(Free-text object descriptions)
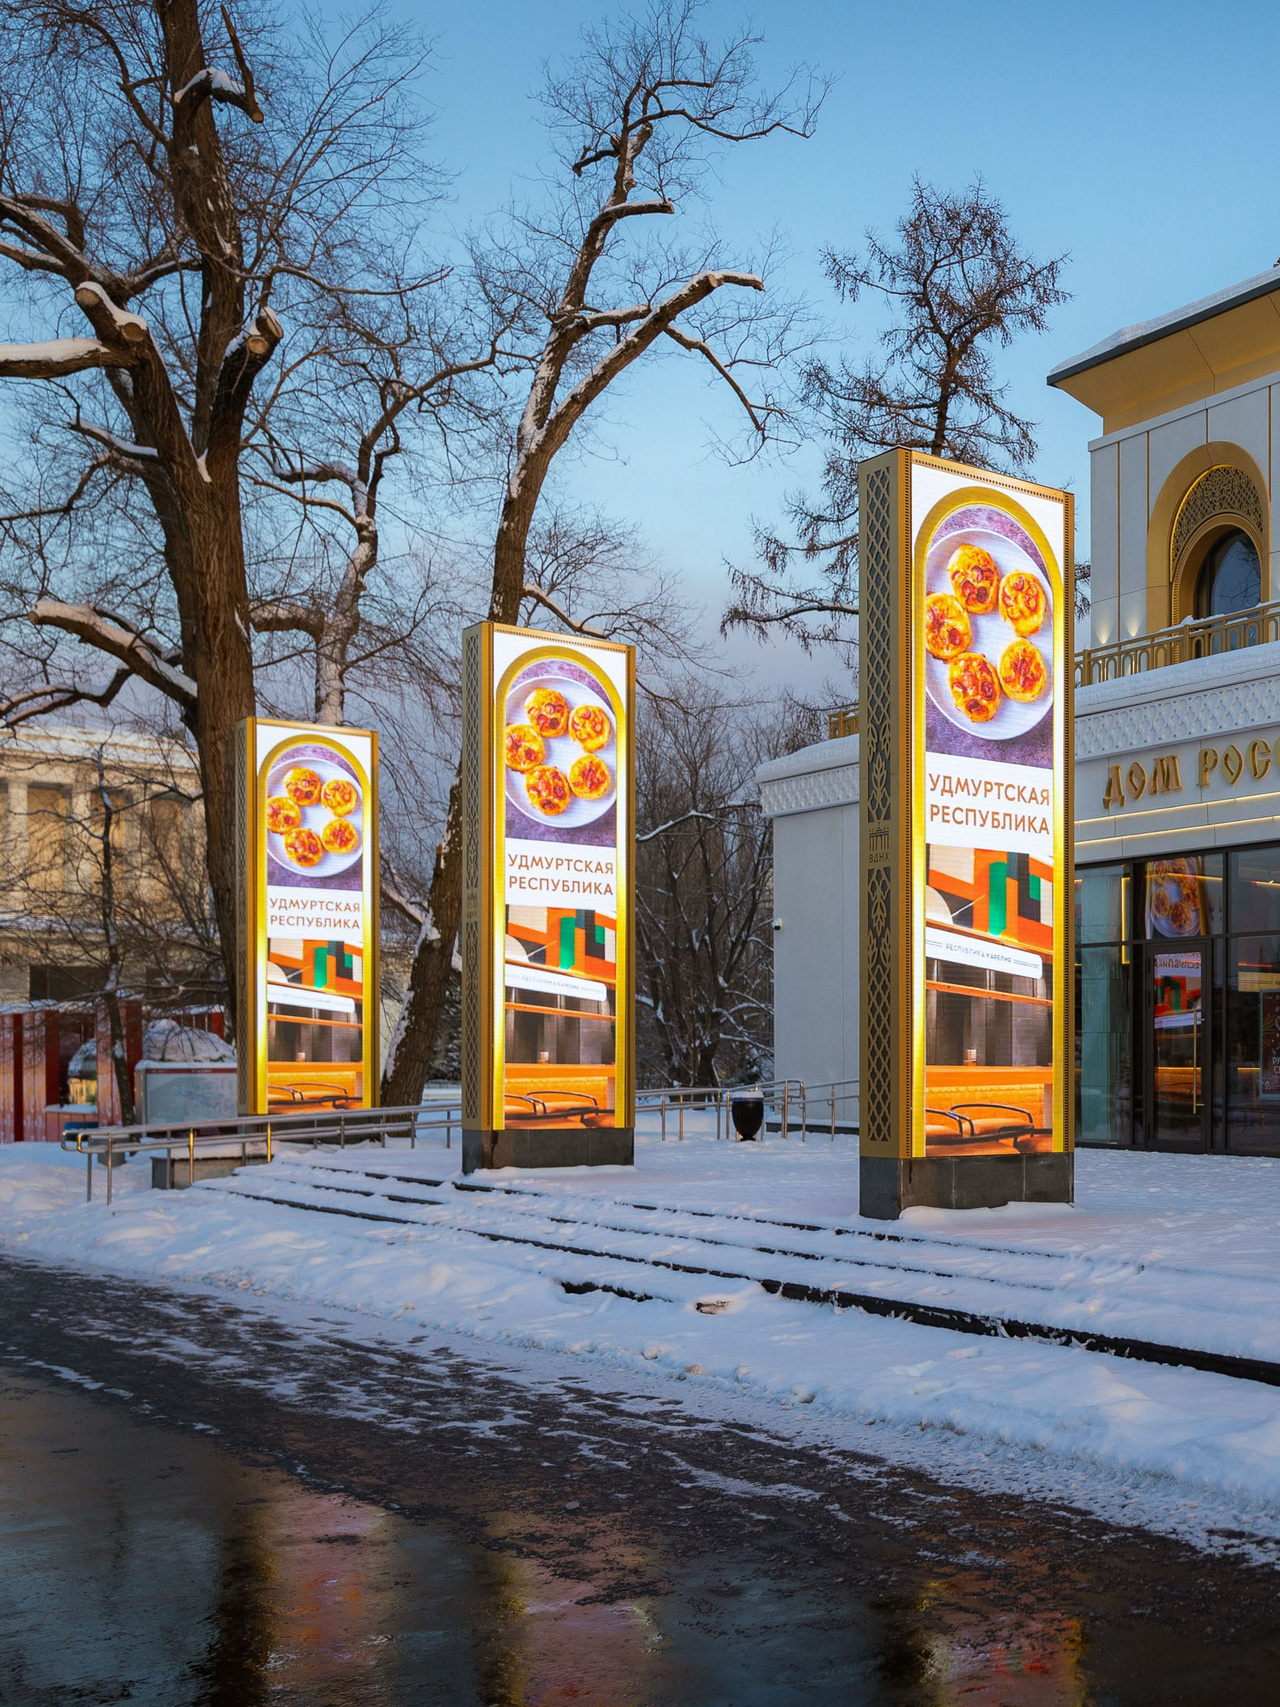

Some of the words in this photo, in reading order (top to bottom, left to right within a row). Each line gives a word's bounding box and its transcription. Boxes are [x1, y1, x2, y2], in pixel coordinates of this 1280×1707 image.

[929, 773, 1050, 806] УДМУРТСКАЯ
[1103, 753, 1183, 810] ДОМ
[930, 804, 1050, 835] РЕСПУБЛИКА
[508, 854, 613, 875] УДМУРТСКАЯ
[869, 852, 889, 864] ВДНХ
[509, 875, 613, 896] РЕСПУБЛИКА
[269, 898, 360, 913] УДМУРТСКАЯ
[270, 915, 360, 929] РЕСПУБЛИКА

### PROBLEM REQUIREMENTS
Extract the entries in full, exactly as they are, minus the pictures.

### RESPONSE
Some of the words in this photo, in reading order (top to bottom, left to right within a row). Each line gives a word's bounding box and its transcription. Boxes are [x1, y1, x2, y2], in pixel coordinates of this 1280×1707 image.

[929, 773, 1050, 806] УДМУРТСКАЯ
[1103, 753, 1183, 810] ДОМ
[930, 804, 1050, 835] РЕСПУБЛИКА
[508, 854, 613, 875] УДМУРТСКАЯ
[869, 852, 889, 864] ВДНХ
[509, 875, 613, 896] РЕСПУБЛИКА
[269, 898, 360, 913] УДМУРТСКАЯ
[270, 915, 360, 929] РЕСПУБЛИКА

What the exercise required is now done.